> **Description of the task**: No pictures, nothing altered: return the data below.

(Items listed in a dataset)
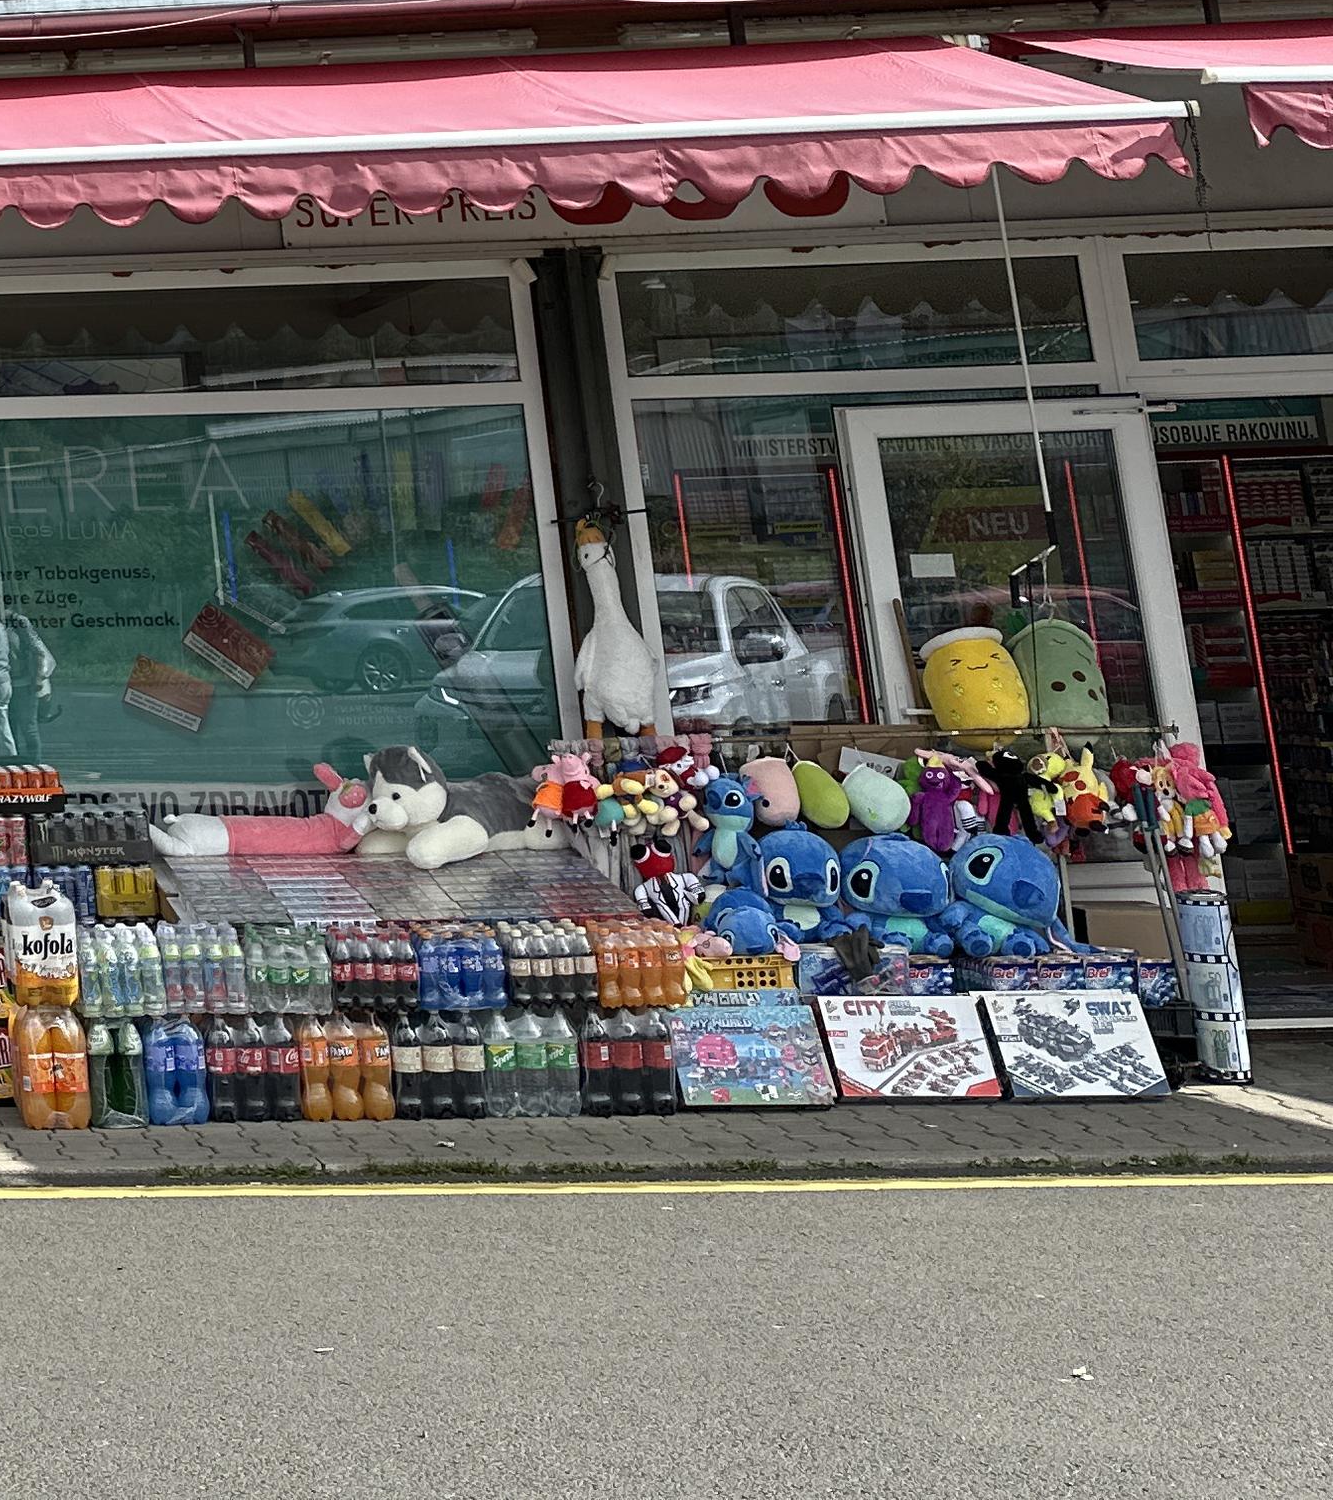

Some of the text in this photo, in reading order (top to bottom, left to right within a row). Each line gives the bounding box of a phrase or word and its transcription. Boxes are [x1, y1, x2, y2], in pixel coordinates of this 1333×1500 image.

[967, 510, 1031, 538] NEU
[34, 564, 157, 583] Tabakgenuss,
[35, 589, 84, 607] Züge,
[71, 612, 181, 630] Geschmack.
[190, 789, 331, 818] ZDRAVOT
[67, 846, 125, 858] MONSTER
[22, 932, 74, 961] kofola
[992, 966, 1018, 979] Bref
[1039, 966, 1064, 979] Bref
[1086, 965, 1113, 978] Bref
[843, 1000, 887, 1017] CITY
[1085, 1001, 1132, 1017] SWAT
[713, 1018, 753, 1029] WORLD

> **Solution for this exercise**:
Some of the text in this photo, in reading order (top to bottom, left to right within a row). Each line gives the bounding box of a phrase or word and its transcription. Boxes are [x1, y1, x2, y2], in pixel coordinates of this 1333×1500 image.

[967, 510, 1031, 538] NEU
[34, 564, 157, 583] Tabakgenuss,
[35, 589, 84, 607] Züge,
[71, 612, 181, 630] Geschmack.
[190, 789, 331, 818] ZDRAVOT
[67, 846, 125, 858] MONSTER
[22, 932, 74, 961] kofola
[992, 966, 1018, 979] Bref
[1039, 966, 1064, 979] Bref
[1086, 965, 1113, 978] Bref
[843, 1000, 887, 1017] CITY
[1085, 1001, 1132, 1017] SWAT
[713, 1018, 753, 1029] WORLD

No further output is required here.